I had another very good demonstration recently of how the Universe rewards us for our trust and belief that we are always looked after and our needs are always met.

The past couple of months have been a time of renewal for me. My life as I knew it has changed out of all recognition, but it’s a good change. It wasn’t an easy process. I am not going to try to fool anyone that it was….I was kicked all over the place mentally, emotionally and at times physically. LOL

However, I was determined that no matter how dark things appeared to be, I would hold the belief that chaos always precedes positive change, and so often that change that we fear so much pushes us into something far better.

In the space of four short months, I went from having a steady full time job, a loving relationship and friend of 40 years, a cosy little home, excellent health, and a nice little savings account….to losing all of those things!

All my security blankets were ripped off and I was left shivering and wondering what the heck else could happen!

I had a choice - I could wallow in self-pity or I could “choose” to accept what was happening and not resist, just go with the flow and see where this river of life would take me.

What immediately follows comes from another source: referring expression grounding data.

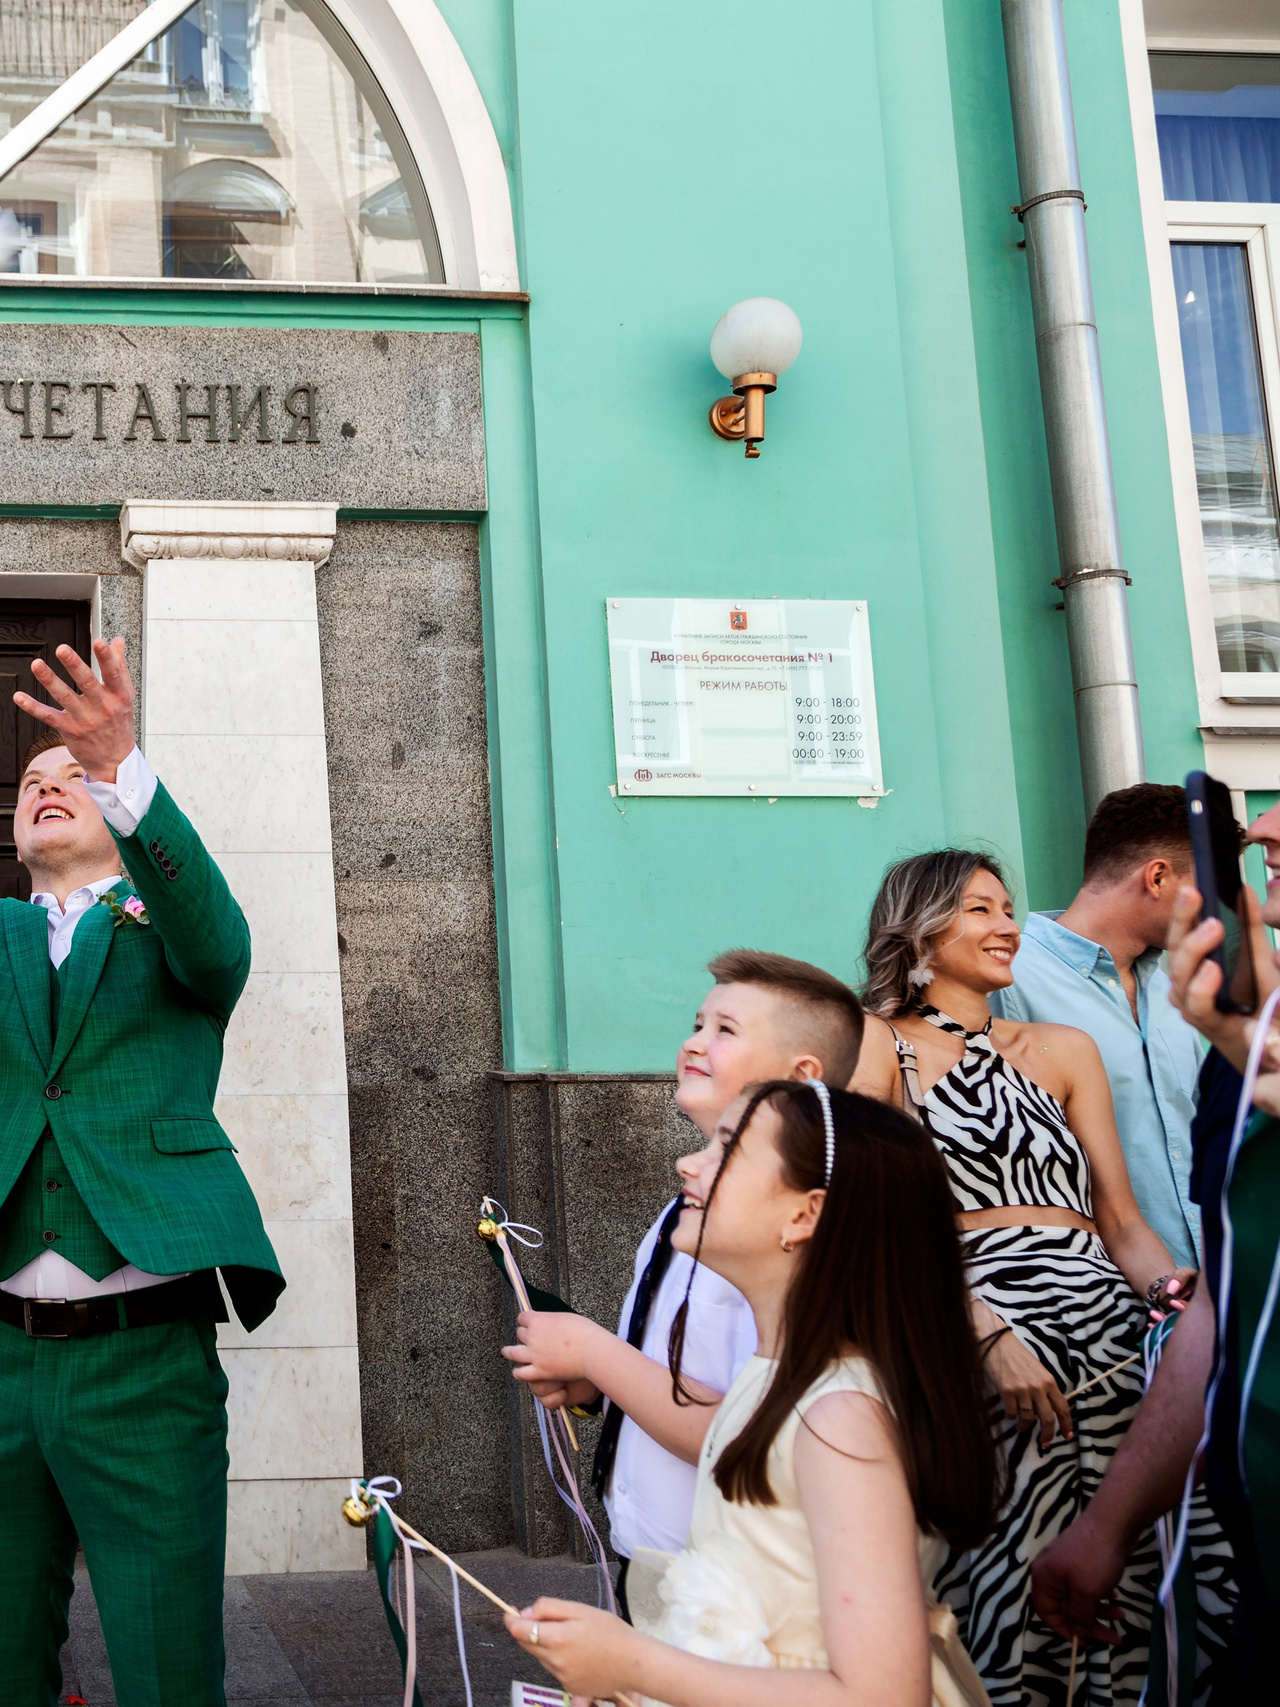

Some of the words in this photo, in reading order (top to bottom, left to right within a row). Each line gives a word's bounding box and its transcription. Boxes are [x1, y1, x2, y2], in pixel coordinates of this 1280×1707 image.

[650, 651, 699, 664] Дворец
[702, 651, 805, 664] бракосочетания
[828, 652, 833, 663] 1
[700, 680, 742, 691] РЕЖИМ
[744, 681, 788, 691] РАБОТЫ
[795, 697, 820, 708] 9:00
[831, 697, 860, 708] 18:00
[796, 714, 822, 724] 9:00
[830, 714, 862, 724] 20:00
[798, 731, 823, 741] 9:00
[831, 731, 863, 741] 23:59
[792, 748, 824, 759] 00:00
[835, 748, 865, 759] 19:00
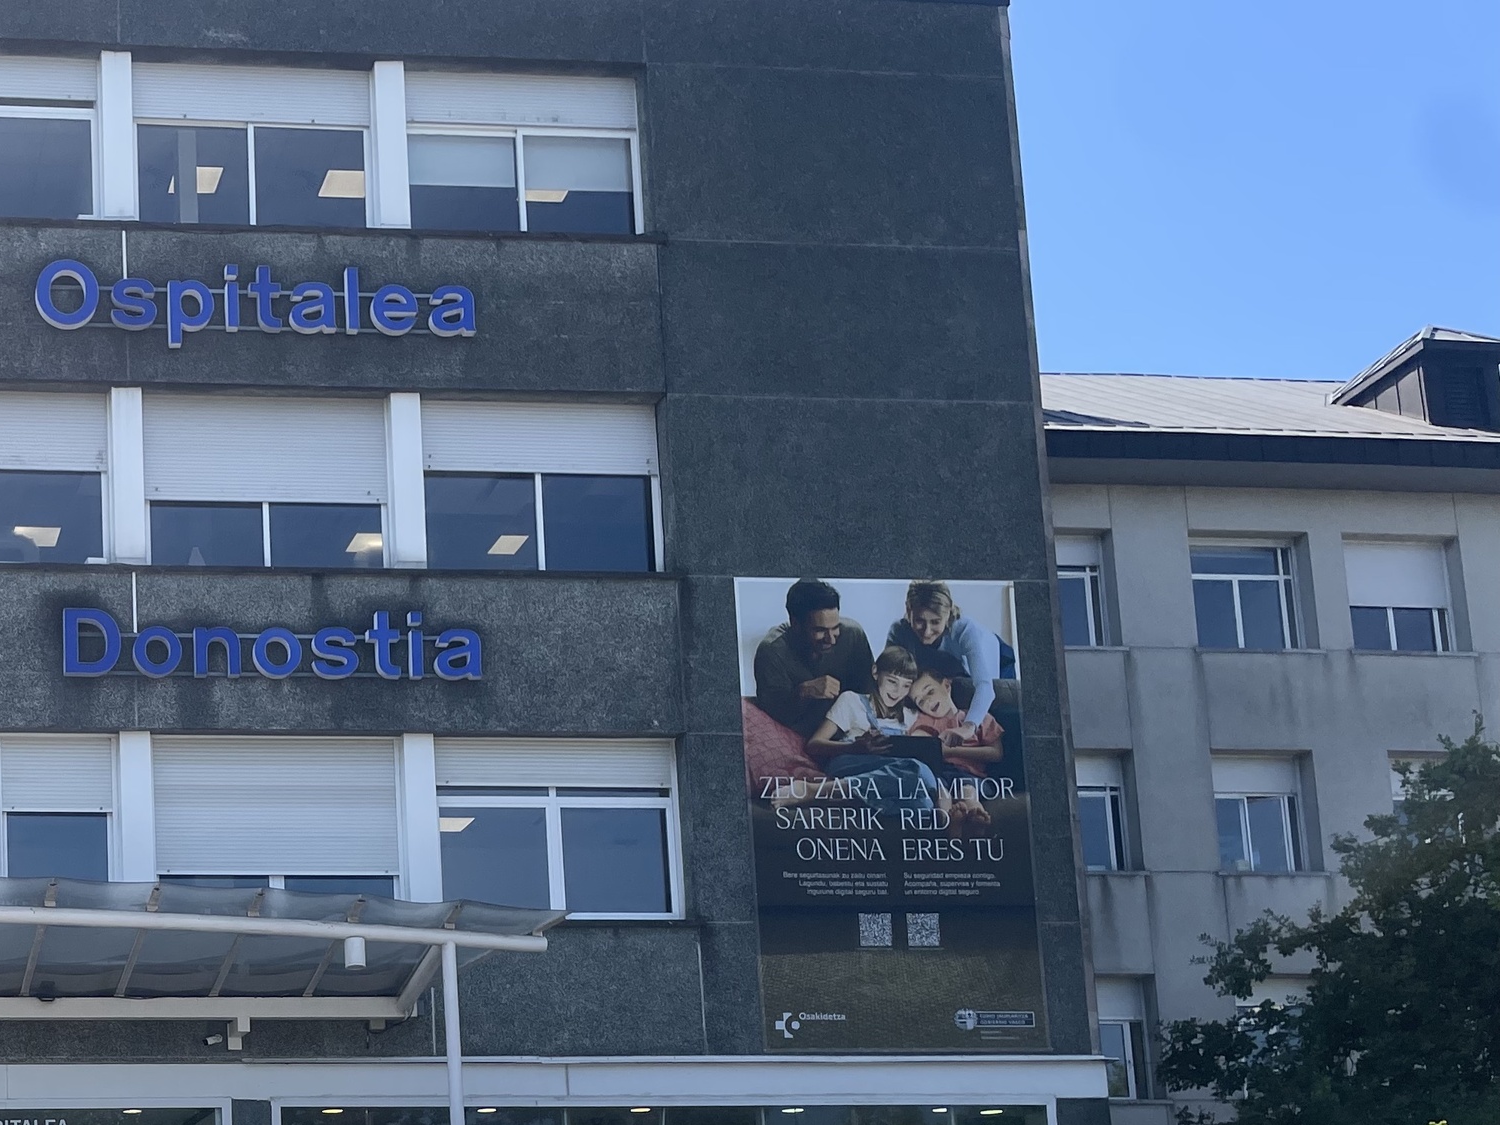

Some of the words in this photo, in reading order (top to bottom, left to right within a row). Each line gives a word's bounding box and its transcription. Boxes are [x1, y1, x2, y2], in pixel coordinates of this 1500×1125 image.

[34, 257, 478, 350] Ospitalea
[61, 606, 484, 681] Donostia
[759, 776, 808, 799] ZEU
[814, 776, 882, 800] ZARA
[898, 777, 930, 800] LA
[775, 807, 884, 830] SARERIK
[900, 808, 949, 830] RED
[796, 838, 886, 861] ONENA
[902, 838, 964, 861] ERES
[969, 833, 1004, 861] TÚ
[798, 1012, 846, 1020] Osakidetza
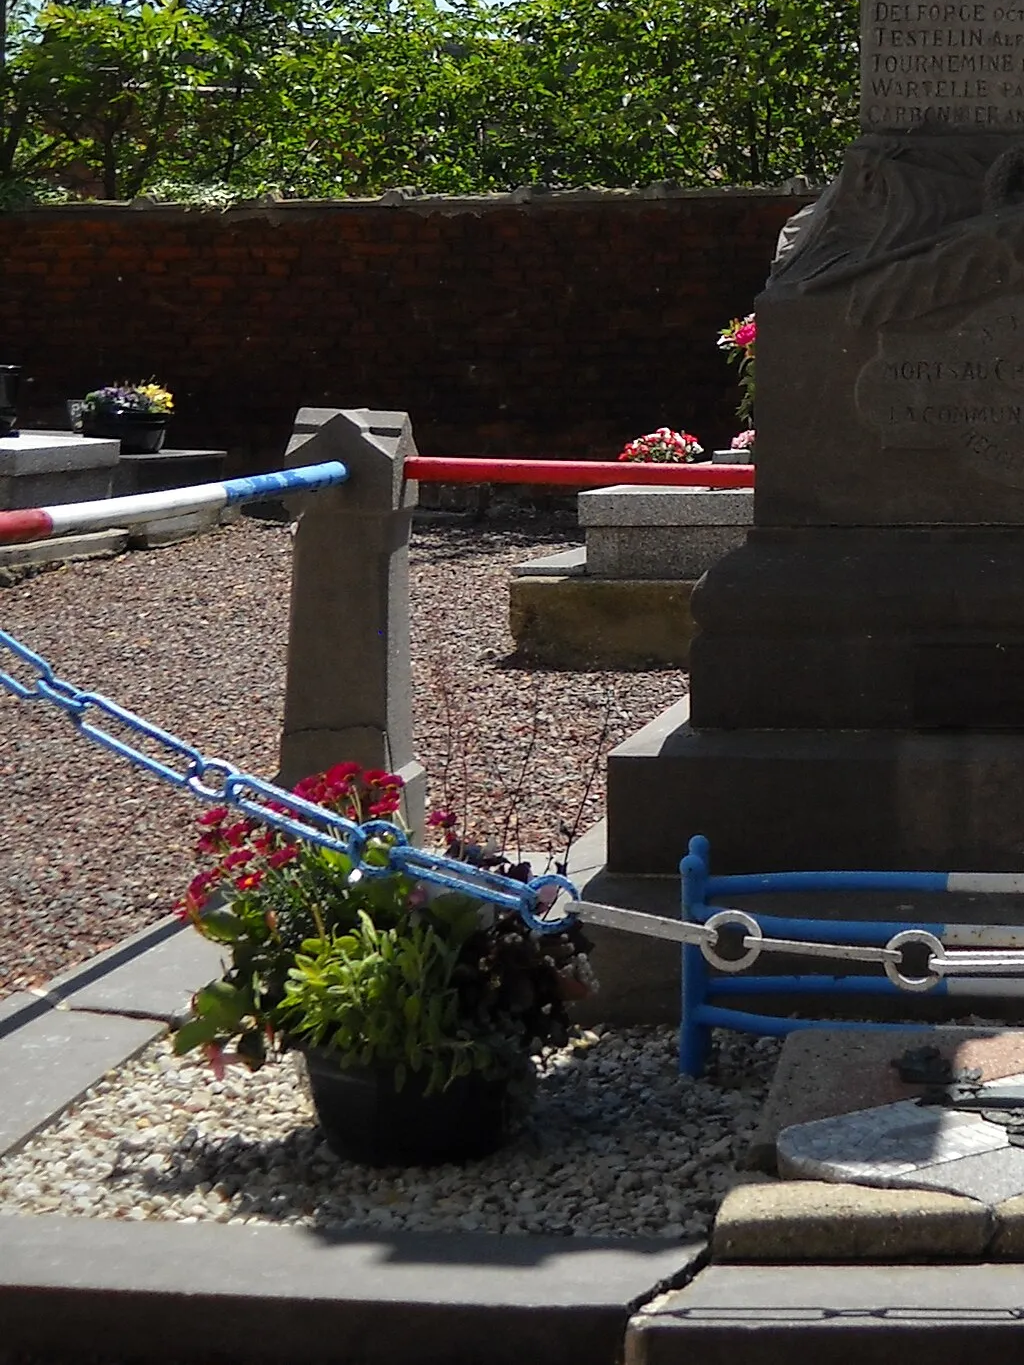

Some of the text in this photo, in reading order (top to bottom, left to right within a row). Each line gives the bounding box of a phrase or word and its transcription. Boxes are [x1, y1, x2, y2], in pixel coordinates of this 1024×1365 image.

[874, 1, 986, 22] DELFORGE
[874, 27, 983, 47] TESTELIN
[871, 54, 1013, 73] TOURNEMINE
[871, 78, 988, 98] WARTELLE
[884, 361, 958, 382] MORTS
[962, 361, 988, 381] AU

I literally learned to live from moment to moment, trusting that what I needed would be provided – as I needed it.

I kept repeating this little mantra to myself, especially when I felt that horrid little spiral of fear building in my tummy: “I trust the process of life, all is well in my world”.

I recognised this as a great opportunity for self-growth, for testing and living what I teach – really walking the talk. It’s no good just telling people about the Universal Laws, you have to live by them. So that’s what I chose to do.

I realised that although I was learning about loss, grieving, letting go and trusting, another aspect of the lesson was also about “sharing”. So I shared whatever I had. Even when I felt emotionally drained, there was always an opportunity to share a smile, a hug, a kind word with someone who needed it – it made me feel a bit lighter and reminded me that everyone has something they are dealing with.

The more I shared, the quicker things seemed to begin to change in positive ways. Then there was the BIG test….money.

I had enough to cover the main essentials for another couple of weeks, but no more than that….so I prayed for guidance and for wisdom as to how I could turn this around. I kept getting the message – share, share, keep the energy of money flowing! So I did.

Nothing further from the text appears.